As a species, we humans seem to think quite highly of ourselves. We have no problems coming up with reasons to justify how special (we think) we are. Other species could rightly accuse us of an inflated sense of self-importance.
Historical justifications for our exceptional nature makes quite a list:
Only humans are the distinct creations of a loving God.
Only humans have been endowed with a soul.
Only humans are at the center of the universe.
Only humans are rationally intelligent.
Only humans have a self-reflective consciousness.
Only humans are masters of language.
Only humans have a free will.
Only humans are meaning-making and purpose-driven beings.
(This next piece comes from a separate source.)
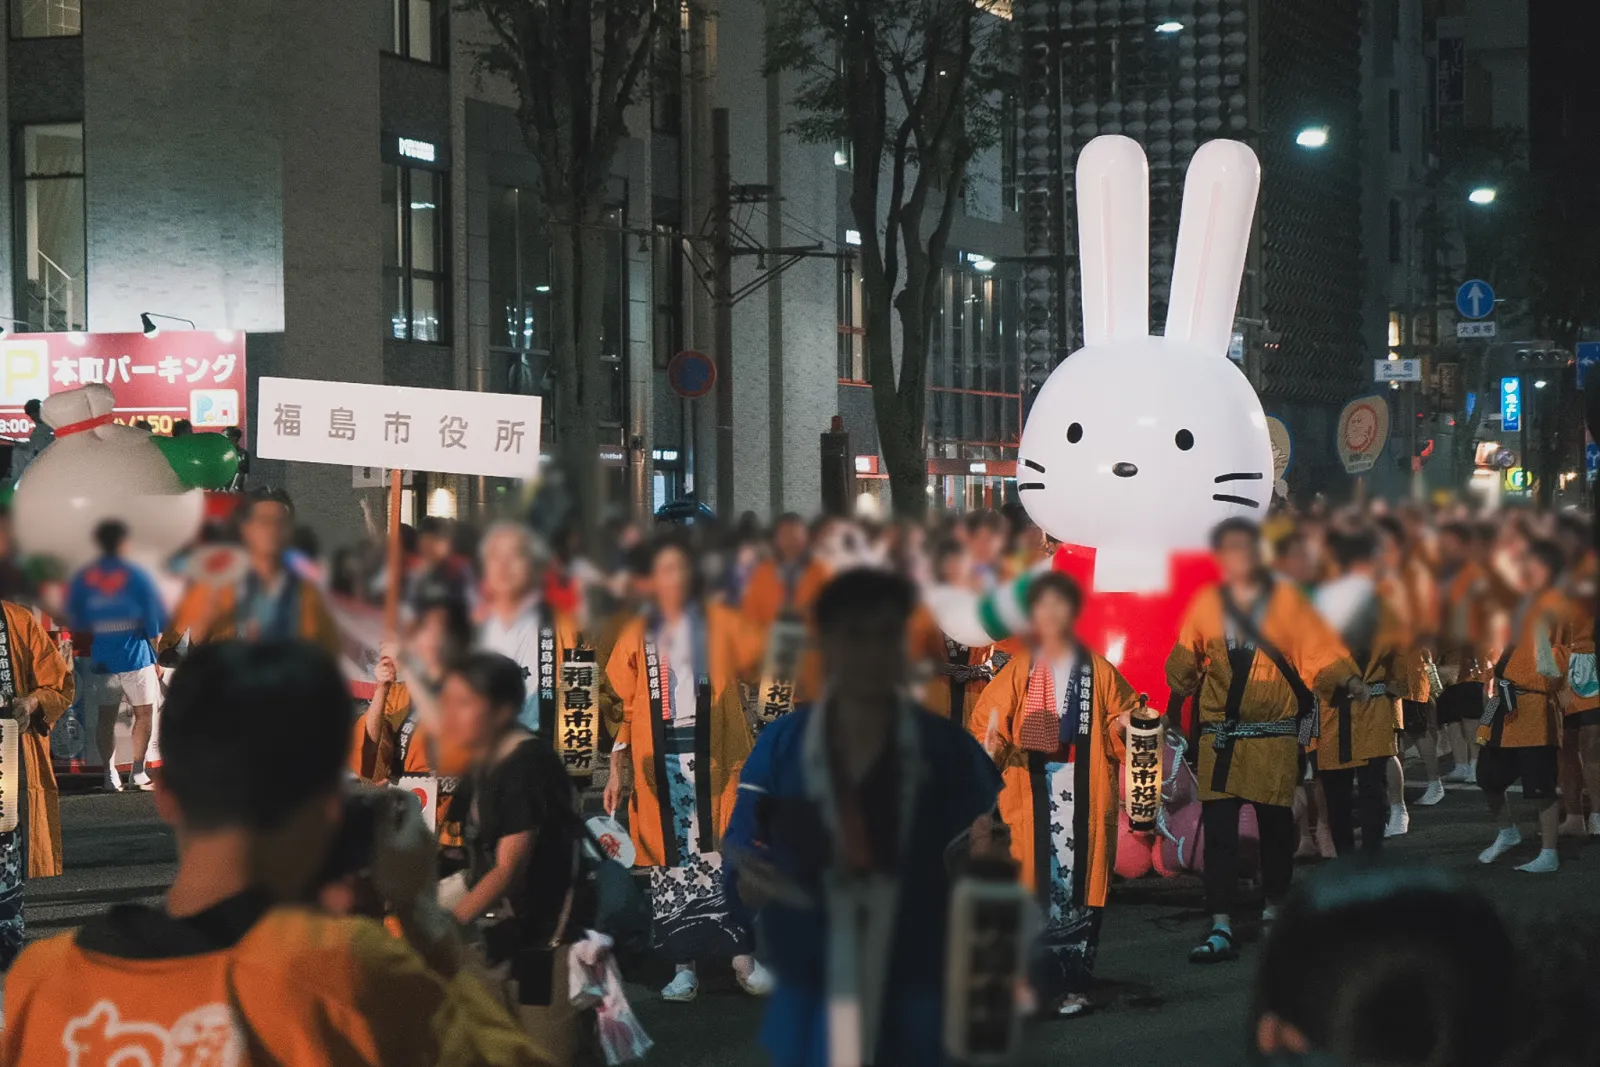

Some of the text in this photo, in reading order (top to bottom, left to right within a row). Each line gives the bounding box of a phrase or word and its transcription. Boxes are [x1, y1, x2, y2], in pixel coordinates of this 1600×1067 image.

There are obvious advantages for humanity to try and carve out a special place in the cosmos. Feeling unique and exceptional fosters in-group cohesion and helps create a shared identity. It justifies dominance over nature and other species. It reduces some of the existential terror that comes with our impermanence and mortality.
Yet the story of humanity is in some ways the story of science and technology systematically dismantling the entire idea that we are uniquely special. Things we once thought were eternally sacred have been reduced to mundane scientific explanations. Abilities we thought were irreducibly human have been perfected and automated by technological innovations.
Even today, we desperately want to think that there’s something special about being human. As advanced technology promises to match and exceed the remaining human capacities that might defines us as special, we wonder “what’s left?”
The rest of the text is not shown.